What the exercise asks: Each line of the data should be given again exactly.

Free-text object descriptions:
------------------------------------

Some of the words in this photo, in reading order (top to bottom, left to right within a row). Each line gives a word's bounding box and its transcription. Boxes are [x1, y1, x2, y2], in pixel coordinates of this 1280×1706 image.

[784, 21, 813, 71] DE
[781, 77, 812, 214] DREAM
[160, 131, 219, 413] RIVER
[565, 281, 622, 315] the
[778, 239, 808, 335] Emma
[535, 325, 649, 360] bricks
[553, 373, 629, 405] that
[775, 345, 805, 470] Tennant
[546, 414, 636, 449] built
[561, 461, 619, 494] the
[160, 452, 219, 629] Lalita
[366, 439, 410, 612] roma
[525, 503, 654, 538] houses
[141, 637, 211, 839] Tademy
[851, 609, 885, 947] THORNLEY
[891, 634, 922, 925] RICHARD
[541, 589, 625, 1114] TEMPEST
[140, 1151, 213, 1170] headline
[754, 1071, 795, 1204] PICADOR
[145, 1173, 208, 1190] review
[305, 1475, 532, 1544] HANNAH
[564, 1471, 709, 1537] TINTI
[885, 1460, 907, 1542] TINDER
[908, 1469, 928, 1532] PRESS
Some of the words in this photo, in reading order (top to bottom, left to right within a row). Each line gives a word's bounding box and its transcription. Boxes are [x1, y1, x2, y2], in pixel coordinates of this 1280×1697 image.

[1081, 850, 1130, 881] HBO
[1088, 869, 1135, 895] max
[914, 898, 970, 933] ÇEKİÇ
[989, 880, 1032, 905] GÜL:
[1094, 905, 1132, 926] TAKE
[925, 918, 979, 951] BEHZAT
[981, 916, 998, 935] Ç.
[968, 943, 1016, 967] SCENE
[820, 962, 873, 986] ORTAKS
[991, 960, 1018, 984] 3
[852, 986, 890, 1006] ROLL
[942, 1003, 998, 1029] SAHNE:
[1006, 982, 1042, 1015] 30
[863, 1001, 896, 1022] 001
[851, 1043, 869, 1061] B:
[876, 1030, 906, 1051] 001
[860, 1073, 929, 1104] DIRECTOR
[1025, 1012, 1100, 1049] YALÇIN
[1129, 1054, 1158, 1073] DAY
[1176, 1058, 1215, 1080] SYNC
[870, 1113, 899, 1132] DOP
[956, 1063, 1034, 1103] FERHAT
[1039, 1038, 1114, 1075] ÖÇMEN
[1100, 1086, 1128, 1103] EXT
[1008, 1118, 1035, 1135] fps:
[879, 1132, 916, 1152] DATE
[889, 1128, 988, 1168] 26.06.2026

------------------------------------

Answer:
Some of the words in this photo, in reading order (top to bottom, left to right within a row). Each line gives a word's bounding box and its transcription. Boxes are [x1, y1, x2, y2], in pixel coordinates of this 1280×1706 image.

[784, 21, 813, 71] DE
[781, 77, 812, 214] DREAM
[160, 131, 219, 413] RIVER
[565, 281, 622, 315] the
[778, 239, 808, 335] Emma
[535, 325, 649, 360] bricks
[553, 373, 629, 405] that
[775, 345, 805, 470] Tennant
[546, 414, 636, 449] built
[561, 461, 619, 494] the
[160, 452, 219, 629] Lalita
[366, 439, 410, 612] roma
[525, 503, 654, 538] houses
[141, 637, 211, 839] Tademy
[851, 609, 885, 947] THORNLEY
[891, 634, 922, 925] RICHARD
[541, 589, 625, 1114] TEMPEST
[140, 1151, 213, 1170] headline
[754, 1071, 795, 1204] PICADOR
[145, 1173, 208, 1190] review
[305, 1475, 532, 1544] HANNAH
[564, 1471, 709, 1537] TINTI
[885, 1460, 907, 1542] TINDER
[908, 1469, 928, 1532] PRESS
Some of the words in this photo, in reading order (top to bottom, left to right within a row). Each line gives a word's bounding box and its transcription. Boxes are [x1, y1, x2, y2], in pixel coordinates of this 1280×1697 image.

[1081, 850, 1130, 881] HBO
[1088, 869, 1135, 895] max
[914, 898, 970, 933] ÇEKİÇ
[989, 880, 1032, 905] GÜL:
[1094, 905, 1132, 926] TAKE
[925, 918, 979, 951] BEHZAT
[981, 916, 998, 935] Ç.
[968, 943, 1016, 967] SCENE
[820, 962, 873, 986] ORTAKS
[991, 960, 1018, 984] 3
[852, 986, 890, 1006] ROLL
[942, 1003, 998, 1029] SAHNE:
[1006, 982, 1042, 1015] 30
[863, 1001, 896, 1022] 001
[851, 1043, 869, 1061] B:
[876, 1030, 906, 1051] 001
[860, 1073, 929, 1104] DIRECTOR
[1025, 1012, 1100, 1049] YALÇIN
[1129, 1054, 1158, 1073] DAY
[1176, 1058, 1215, 1080] SYNC
[870, 1113, 899, 1132] DOP
[956, 1063, 1034, 1103] FERHAT
[1039, 1038, 1114, 1075] ÖÇMEN
[1100, 1086, 1128, 1103] EXT
[1008, 1118, 1035, 1135] fps:
[879, 1132, 916, 1152] DATE
[889, 1128, 988, 1168] 26.06.2026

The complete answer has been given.